::: Data in this exercise :::

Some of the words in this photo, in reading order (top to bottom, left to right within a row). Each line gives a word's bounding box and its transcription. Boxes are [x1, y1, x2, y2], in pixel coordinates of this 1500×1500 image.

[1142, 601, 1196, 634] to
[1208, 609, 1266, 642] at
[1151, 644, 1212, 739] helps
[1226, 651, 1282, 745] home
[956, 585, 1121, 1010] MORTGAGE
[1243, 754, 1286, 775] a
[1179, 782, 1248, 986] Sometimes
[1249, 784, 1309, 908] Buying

:::

Brief —
Keeping each line intact, set down the entire listing once more.

Reply to the exercise —
Some of the words in this photo, in reading order (top to bottom, left to right within a row). Each line gives a word's bounding box and its transcription. Boxes are [x1, y1, x2, y2], in pixel coordinates of this 1500×1500 image.

[1142, 601, 1196, 634] to
[1208, 609, 1266, 642] at
[1151, 644, 1212, 739] helps
[1226, 651, 1282, 745] home
[956, 585, 1121, 1010] MORTGAGE
[1243, 754, 1286, 775] a
[1179, 782, 1248, 986] Sometimes
[1249, 784, 1309, 908] Buying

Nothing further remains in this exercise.